Photo: Anne M. Eberhardt

When I came to California (the "Grand Poobah of Documentation") with my two Quarter Horses, I had never taken a long distance trip with stock. Aside from the basics, I didn’t really know what to expect.

Every time you cross a border, you will be expected to produce paperwork for your stock. The type of paperwork varies from state to state. Some states don’t have check points at the border (California has checkpoints.), but if you are pulled over the officer will likely ask you for your horses travel papers. It is a hefty fine and sometimes a misdemeanor if they are missing. Here are a few tips from the school of hard knocks, so you don’t have to attend (check the requirements for all states you are traveling through):

1. The health certificate or vet inspection: Obtainable through your vet, this little piece of paper identifies your horse and verifies its health is needed to cross most state lines.
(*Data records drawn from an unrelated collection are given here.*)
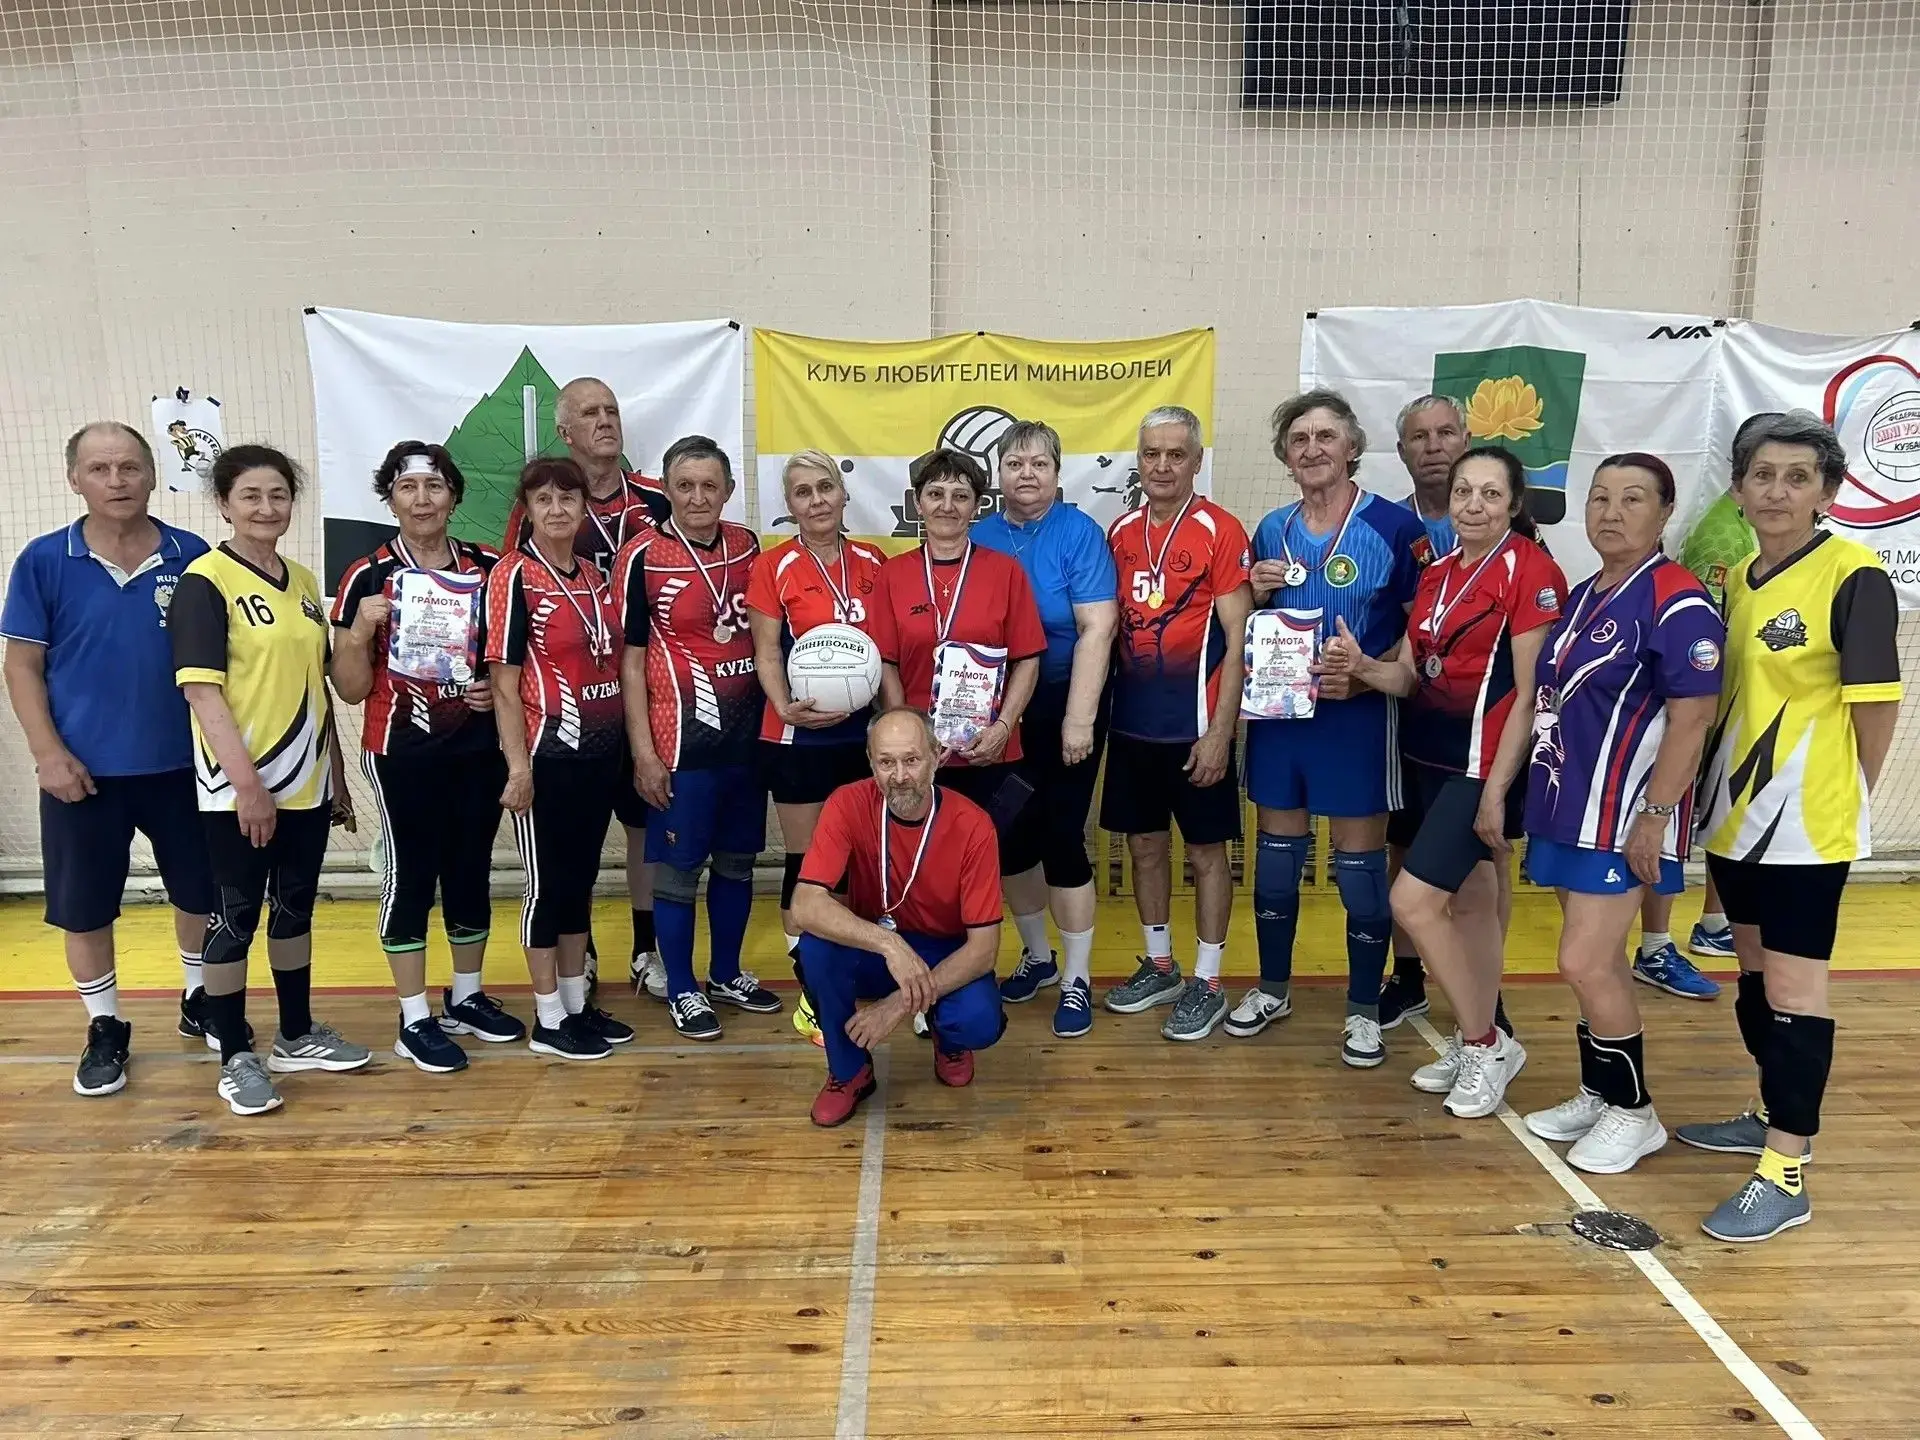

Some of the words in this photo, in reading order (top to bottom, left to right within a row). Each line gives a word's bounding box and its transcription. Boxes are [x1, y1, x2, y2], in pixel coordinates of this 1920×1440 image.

[807, 363, 866, 383] КЛУБ
[1875, 425, 1900, 443] MINI
[1903, 422, 1920, 436] VO
[1894, 441, 1920, 451] КУЗБА
[1877, 550, 1891, 564] Я
[1896, 550, 1920, 564] МИ
[156, 575, 179, 583] RUS
[1291, 567, 1300, 579] 2
[1889, 569, 1920, 584] АС
[411, 595, 461, 607] ГРАМОТА
[236, 594, 275, 626] 16
[795, 640, 865, 655] МИНИВОЛЕЙ
[1261, 637, 1304, 646] ГРАМОТА
[715, 657, 755, 678] КУZБ
[1430, 658, 1437, 671] 2
[949, 670, 989, 680] ГРАМОТА
2. The negative Coggins test: Plan to have this done about month before you are planning on leaving, because it has to be sent off to a laboratory to be analyzed. The Coggins test identifies horses with equine infectious anemia. Only 1/5th of 1% of horses test positive. However, it is a retrovirus and incurable. It is spread through biting insects. 
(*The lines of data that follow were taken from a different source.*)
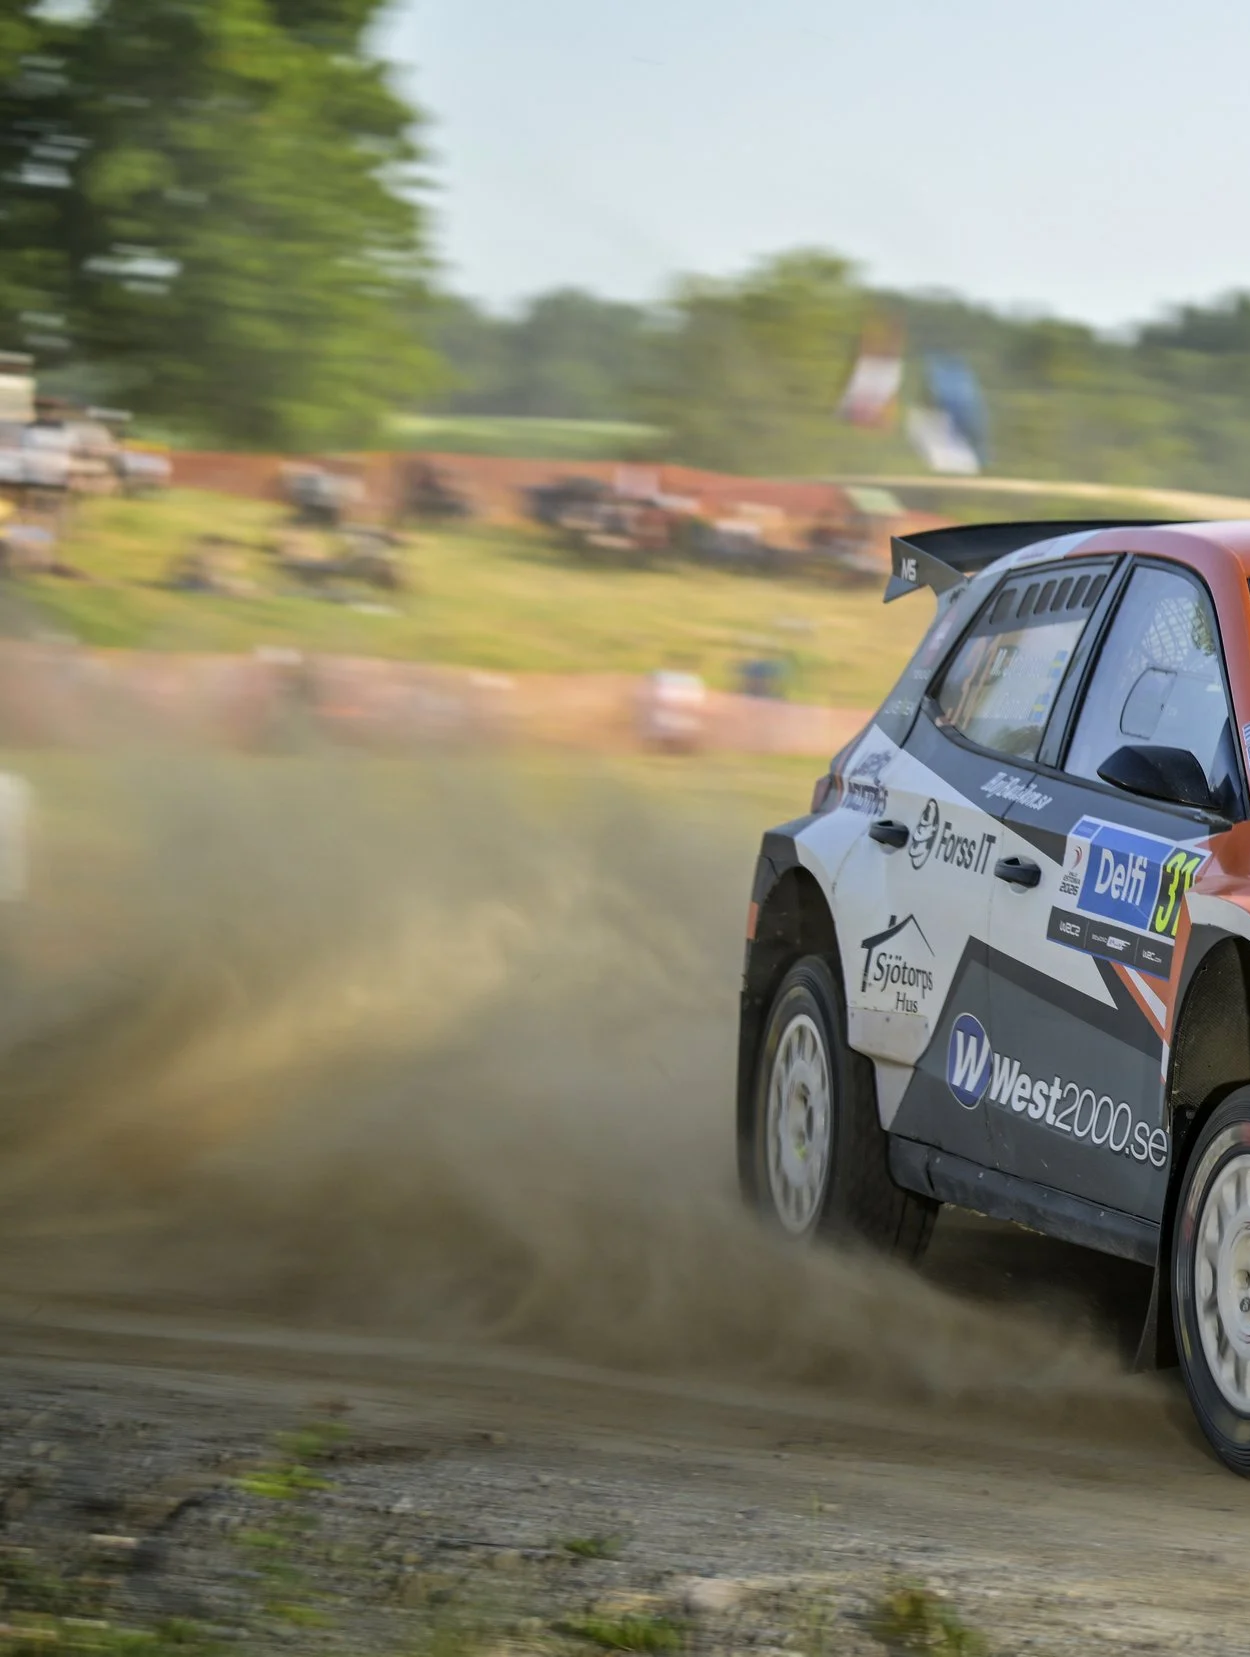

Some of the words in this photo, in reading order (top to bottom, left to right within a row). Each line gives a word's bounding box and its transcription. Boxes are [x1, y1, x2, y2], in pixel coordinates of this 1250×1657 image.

[902, 558, 917, 580] MS
[936, 821, 976, 870] Forss
[974, 832, 997, 875] IT
[1094, 847, 1148, 906] Delfi
[1155, 851, 1200, 936] 31
[873, 952, 933, 998] Sjötorps
[895, 992, 918, 1013] Hus
[989, 1052, 1168, 1167] West2000.se
3. Brand inspection (even if your horse doesn't have a brand!): Check to see if the states you are traveling through require it . A brand inspection is a certification that you own your horse. Basically it’s like registering your car. The owner of the horse presents proof of ownership, and the brand inspector issues the owner a brand inspection, which is basically the official proof of ownership. In the event that it does have a brand, the brand inspector will be able to track all sales of that horse to the current owner. If your horse is registered, the brand inspector will check your ID against the papers, or transfer papers and bill of sale and verify that you are in fact the owner. Brand inspections are most commonly done when a horse changes hands. For instance, when I lived in Oregon, every horse that went through the auction had to have a brand inspection. For travel you can call your local brand inspector. Brand inspection states are sometimes very strict, requiring a brand inspection not just to take the horse out of state or into the state, but in-between counties of the state. Other lesser known health requirements might be required, so always check every state you plan on passing through.

These are just the basic three that are the most commonly required.
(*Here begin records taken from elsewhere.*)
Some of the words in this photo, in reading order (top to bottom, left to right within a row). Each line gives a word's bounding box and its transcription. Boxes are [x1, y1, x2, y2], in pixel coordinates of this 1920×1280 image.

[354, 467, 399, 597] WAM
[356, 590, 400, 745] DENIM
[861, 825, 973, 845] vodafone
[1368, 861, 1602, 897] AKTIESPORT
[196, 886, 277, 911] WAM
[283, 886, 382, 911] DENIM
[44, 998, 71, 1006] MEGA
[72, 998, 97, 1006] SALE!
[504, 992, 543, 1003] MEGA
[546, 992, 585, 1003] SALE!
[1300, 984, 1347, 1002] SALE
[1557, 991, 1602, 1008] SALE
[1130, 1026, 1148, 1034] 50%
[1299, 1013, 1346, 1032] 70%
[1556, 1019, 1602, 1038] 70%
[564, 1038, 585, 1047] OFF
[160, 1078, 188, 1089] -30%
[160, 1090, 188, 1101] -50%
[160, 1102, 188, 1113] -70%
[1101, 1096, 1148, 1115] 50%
Want to know what happened to me at the border? Well, when I presented my horses' papers to the inspector, completely expecting to have to pull them out of the trailer, they looked at the papers and sent me on my way. But at least I was prepared!

Oh, and P.S., always check to see if outside hay is allowed into a state. Because any type of alfalfa hay was under quarantine at the time, I had to buy hay in northern California for a whooping $25 a bale. Yes, I expected it to be laced with gold!

Have you ever had your horse's paperwork inspected as you crossed state lines for a ride?